IMF approves $650 billion new reserves for member countries - GulfToday

IMF approves $650 billion new reserves for member countries


Hippo Holdings CEO & co-founder Assaf Wand, second from right, rings the New York Stock Exchange opening bell on Tuesday to celebrate his company’s listing. Associated Press

The IMF board of governors on Monday greenlit a $650 billion increase in cash reserves for member nations, the last step in an initiative to boost liquidity for the most vulnerable countries.

The move increases by 456 billion the stock of Special Drawing Rights (SDR), the International Monetary Fund’s currency, giving countries more funds to draw on as they struggle to recover from economic hit from COVID-19.

“This is a historic decision -- the largest SDR allocation in the history of the IMF and a shot in the arm for the global economy at a time of unprecedented crisis,” IMF head Kristalina Georgieva said in a statement.

“It will particularly help our most vulnerable countries struggling to cope with the impact of the Covid-19 crisis,” she said.

The programme, which was approved by the IMF’s executive board in mid-July, will be implemented on August 23.

Newly-issued SDRs -- which are based on a basket of major currencies -- will be allocated to member countries in proportion to their quota in the Washington-based institution.

Emerging and developing nations are to receive around $275 billion, the IMF said.

But “we will also continue to engage actively with our membership to identify viable options for voluntary channeling of SDRs from wealthier to poorer and more vulnerable member countries to support their pandemic recovery and achieve resilient and sustainable growth,” Georgieva said.

Wealthy countries could, for example, transfer their SDRs by using those attributed to them to finance the IMF’s Poverty Reduction and Growth Trust Fund, which would increase the supply of low-cost loans to the poorest countries.

Anti-poverty group Oxfam welcomed the IMF’s decision.

The “new SDRs will bring much-needed liquidity to struggling developing countries without adding to their unsustainable debt burdens,” Nadia Daar, head of the Washington-based NGO, said in a statement.

It is “unfathomable that wealthy nations would fail to reallocate a substantial portion of their SDRs -- at least $100 billion as agreed by the G7” at a mid-June summit, she said.

It is also necessary for governments to “work transparently and together with civil society” so that SDRs are used wisely, Daar added.

Created in 1969, SDRs are not a currency and have no material existence.

Their value is based on a basket of five major international currencies: the US dollar, the euro, the British pound, China’s renminbi or yuan and the Japanese yen.

Once issued, SDRs can be used either as a reserve currency that stabilizes the value of a country’s domestic currency, or converted into stronger currencies to finance investments.

For poorer countries, the interest is also to obtain hard currencies without having to pay substantial interest rates.

US factory orders rise: New orders for US-made goods increased more than expected in June, while business spending on equipment was solid, pointing to sustained strength in manufacturing even as spending is shifting away from goods to services.

The Commerce Department said on Tuesday that factory orders rose 1.5% in June after advancing 2.3% in May. Economists polled by Reuters had forecast factory orders increasing 1.0%.

Orders soared 18.4% on a year-on-year basis. Demand pivoted towards goods during the COVID-19 pandemic as millions of Americans were cooped up at home, boosting manufacturing, which accounts for 11.9% of the US economy. But the surge in demand is straining the supply chain.

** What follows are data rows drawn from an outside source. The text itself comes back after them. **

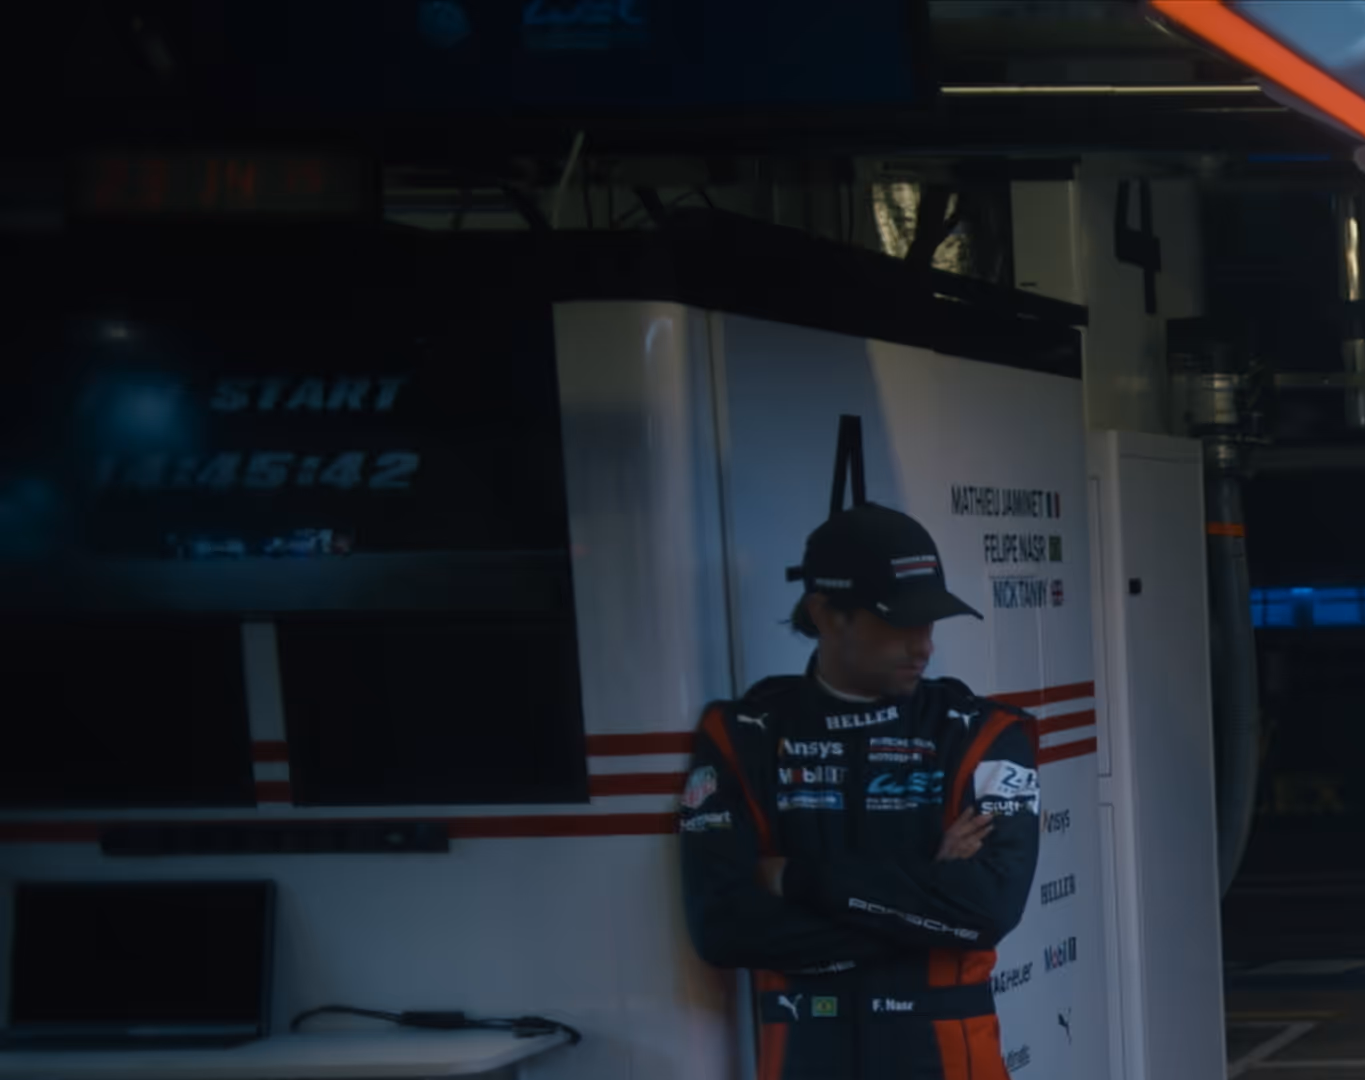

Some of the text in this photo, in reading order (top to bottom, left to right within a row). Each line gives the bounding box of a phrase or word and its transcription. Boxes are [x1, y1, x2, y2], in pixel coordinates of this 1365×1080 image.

[1115, 177, 1161, 315] 4
[209, 375, 409, 412] START
[951, 485, 1000, 516] MATHIEU
[984, 533, 1047, 563] FELIPE NASR
[993, 580, 1018, 609] NICK
[825, 705, 899, 730] HELLER
[777, 737, 844, 758] Ansys
[778, 764, 823, 785] Mobil
[1041, 808, 1070, 834] Ansys
[1041, 873, 1076, 905] HELLER
[848, 897, 980, 941] PORSCHE
[1044, 940, 1067, 972] Mobil
[871, 998, 915, 1012] F. Nasr

The Institute for Supply Management reported on Monday that manufacturing activity grew at a slower pace in July for the second straight month as raw material shortages persisted. The survey, however, suggested that supply chain bottlenecks were starting to ease.

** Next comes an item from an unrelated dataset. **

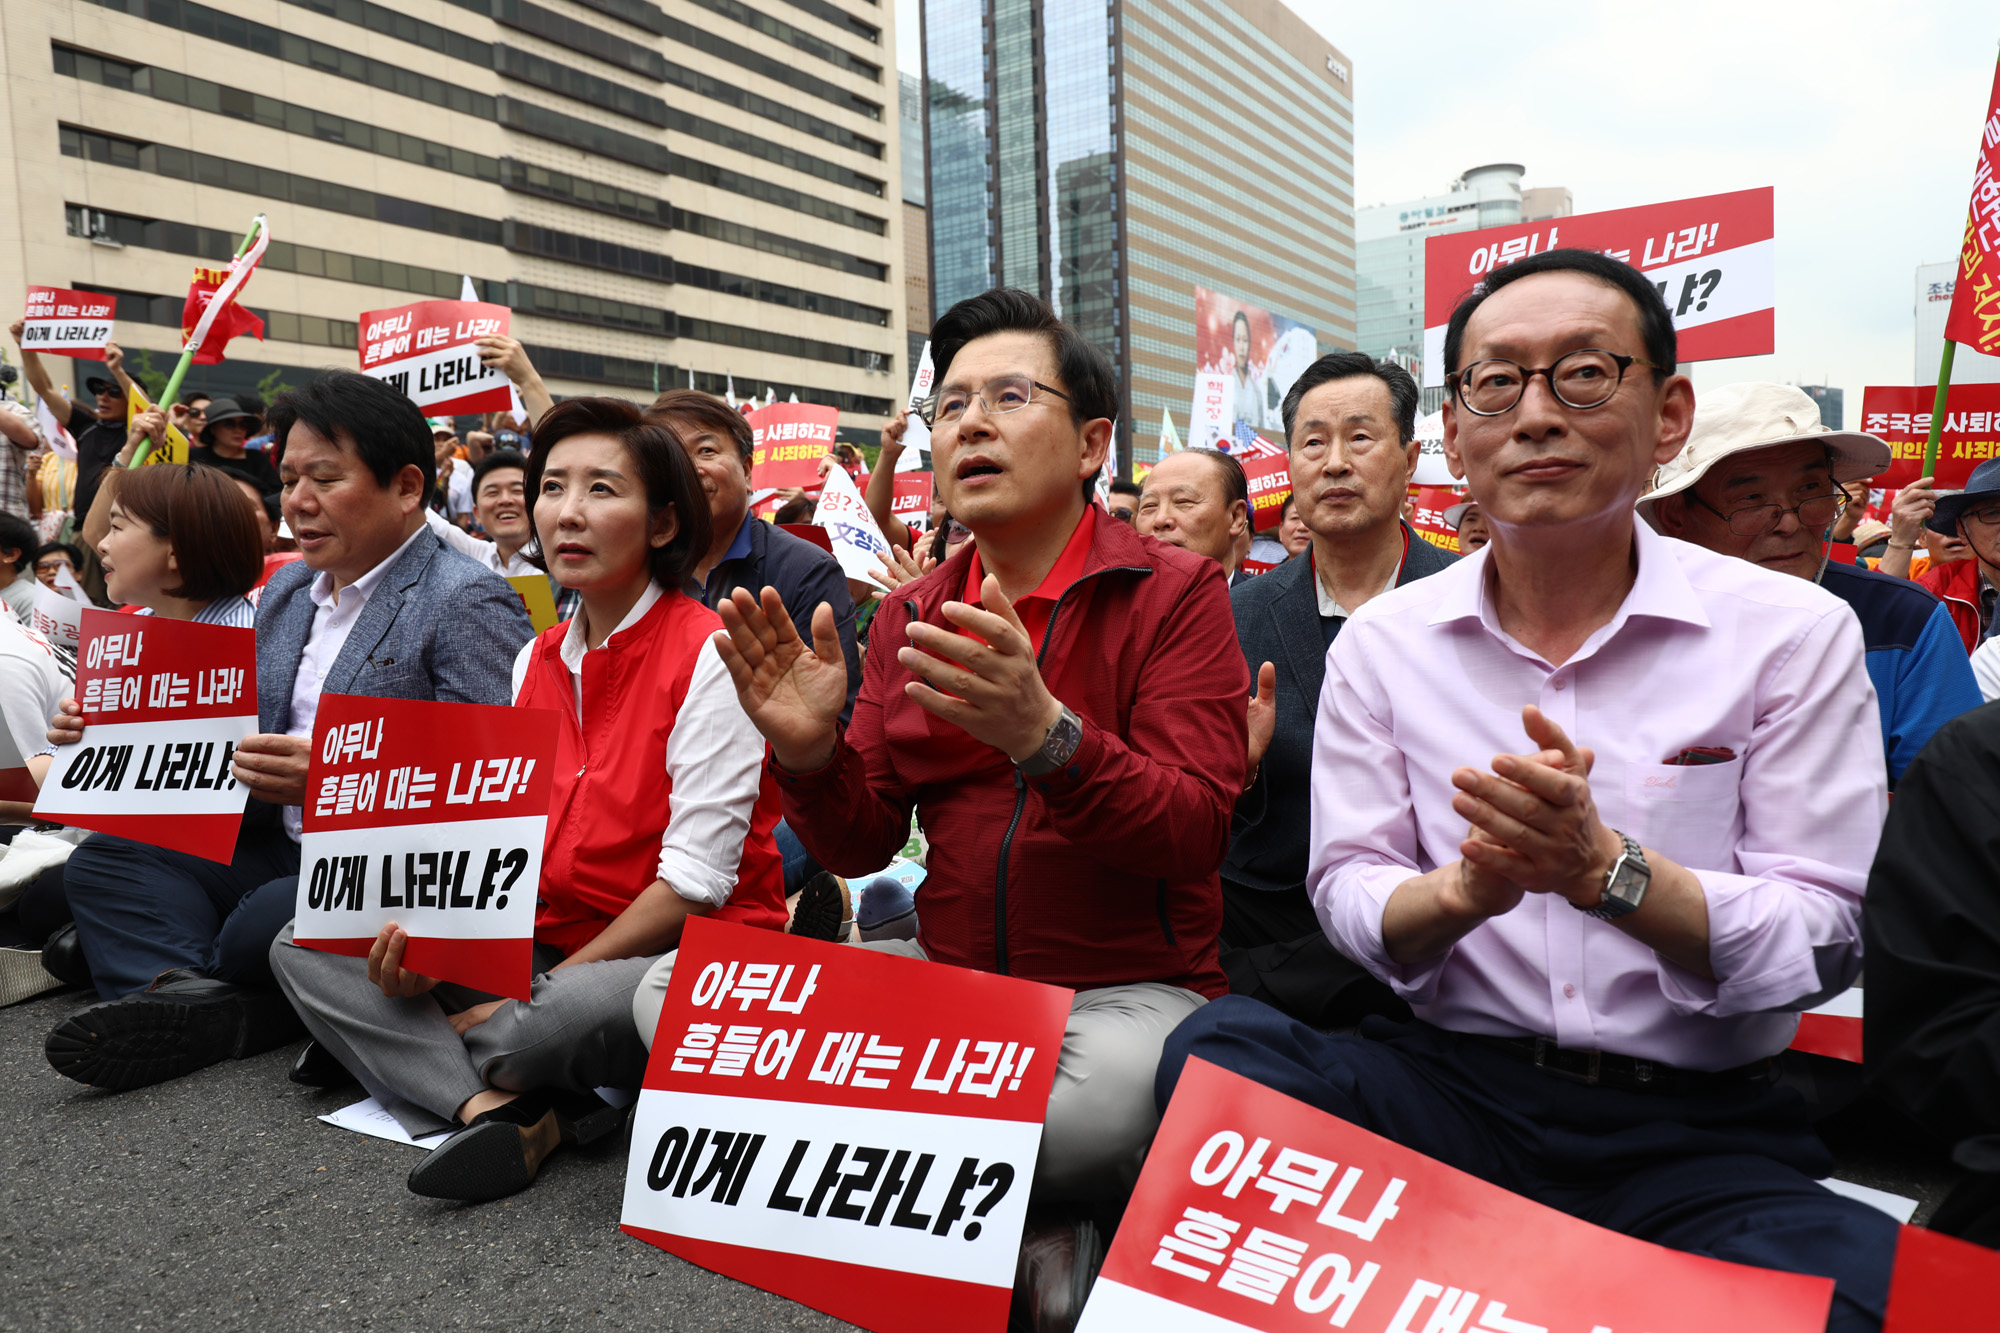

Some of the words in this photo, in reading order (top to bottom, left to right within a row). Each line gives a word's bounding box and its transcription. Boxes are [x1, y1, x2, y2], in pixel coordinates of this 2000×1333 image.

Spending is rotating back to services as nearly half of the population has been fully vaccinated against COVID-19, allowing people to travel, frequent restaurants, visit casinos and attend sporting events among services-related activities that were curbed early in the pandemic.

The increase in factory goods orders in June was broad, with notable gains in machinery, computers and electronic products, as well as electrical equipment, appliances and components. Orders for transportation equipment increased 2.0%.

Meanwhile, US stocks, 10-year Treasurys and oil prices were mixed ahead of corporate earnings and economic growth signals that investors hope will clarify the investment outlook.

Wall Street’s main indexes fell slightly Tuesday morning after initially posting gains. The Dow Jones Industrial Average fell 53.97 points, or 0.15%, to 34,784.19, the S&P 500 lost 9.3 points, or 0.21%, to 4,377.86 and the Nasdaq Composite dropped 80.67 points, or 0.55%, to 14,600.40.

Stronger-than-expected profit reports from US companies in recent weeks have ratcheted up already high Wall Street forecasts on how second-quarter earnings growth will look versus last year.

But with stocks already near record highs, investors also want to see July’s US non-farm payroll numbers, due on Friday, following dovish commentary from Fed Chief Jerome Powell last week.